2.2     The MA in Holocaust Studies recruited 2 students in its first year of running properly, i.e. since we were able to advertise for the programme both online and in our MA brochures over the previous academic year. Since then, the programme has changed significantly due to Jean-Marc Dreyfus’s appointment, which led to the addition of a number of new units, as well as the restructuring of the MA European Languages and Cultures, which forms the umbrella for the MA pathway in Holocaust Studies. The programme now looks significantly more coherent and attractive, and will hopefully help us to increase our students numbers over the next years.
 
2.3     Enrolment of PhD students continued to be very healthy (seehttp://www.mucjs.org/research.htm for the current list. Successful completions in 07/08 were Simon Adnams Lasair (“A Narratological Approach to the Pentateuch Targums”) and Suzanne Knol, “An Historical Overview of Some Overt Ideological Factors in the Development of the Agunah Problem”).

 

3.       Sherman Lectures

3.1    The Sherman Lectures 2008 were delivered on 7th-10th April (preceded by a Community Lecture on the 6th) by Prof. Melissa Raphael-Levine, Professor of Jewish Theology at the University of Gloucestershire, on ‘A Post-Holocaust Theology of Jewish Art’ and were much appreciated. Further details may be found at http://www.mucjs.org/sherman07.htm.

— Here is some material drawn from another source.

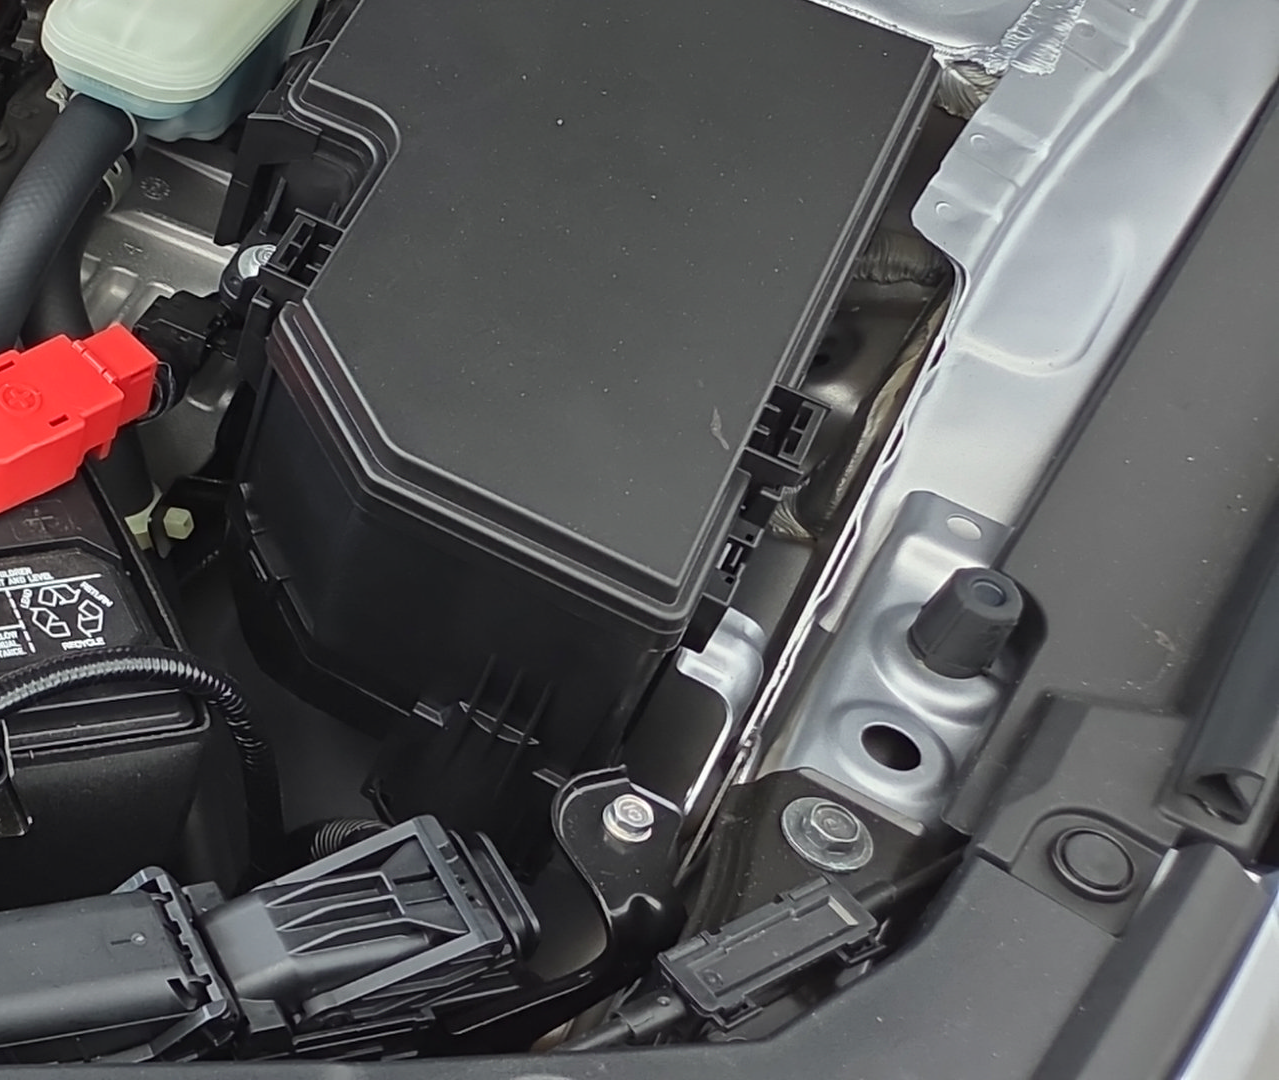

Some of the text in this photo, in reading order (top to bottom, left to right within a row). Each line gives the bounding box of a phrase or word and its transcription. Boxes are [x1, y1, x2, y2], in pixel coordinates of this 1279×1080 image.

3.2     The 2009 lectures will be delivered on the 11th-14th May 2009 by Prof. Sander Gilman, Distinguished Professor of the Liberal Arts and Sciences and Professor of Psychiatry at Emory University, on ‘German-Jewish Exiles in London 1933-1950’, preceded by a Community Lecture on the 10th on “‘Mark the Music’: Jews, Music, and Modern Life”. Full details will appear at http://www.mucjs.org/sherman09.htm.

 

4.       Research Seminars

          The Jewish Studies research seminars, running fortnightly through the teaching semesters, proved a success.  Full details, including abstracts, may be found athttp://www.mucjs.org/rs07.htm.  The experiment of making digital recordings of selected seminars available on the website has commenced.

 

5        Research

5.1     Rylands Geniza Manuscripts:

The project is going at a good pace. There were two changes of staff over the last year: Jane Donaldson (cataloguing assistant) left in October 2007 and was replaced in January 2008 by Anna Harper, James Robinson (photographer) was immediately replaced in November 2008 by Gwen Jones. 
AHRC funding runs out at the end of August for Renate Smithuis and at the end of December 2009 for Anna and James (who is on secondment). The objective is that by the end of the AHRC project images of all Rylands fragments will have been put on the web and the majority of fragments will have been catalogued. Several ways to find new funding to continue the project afterwards are currently being considered so that all fragments will be catalogued over the next few years and the catalogue entries will be further enhanced. 
The second workshop on prayer and liturgical poetry fragments in the Rylands Genizah collection took place between 2nd June and 3rd June 2008. A third workshop is planned for 2009.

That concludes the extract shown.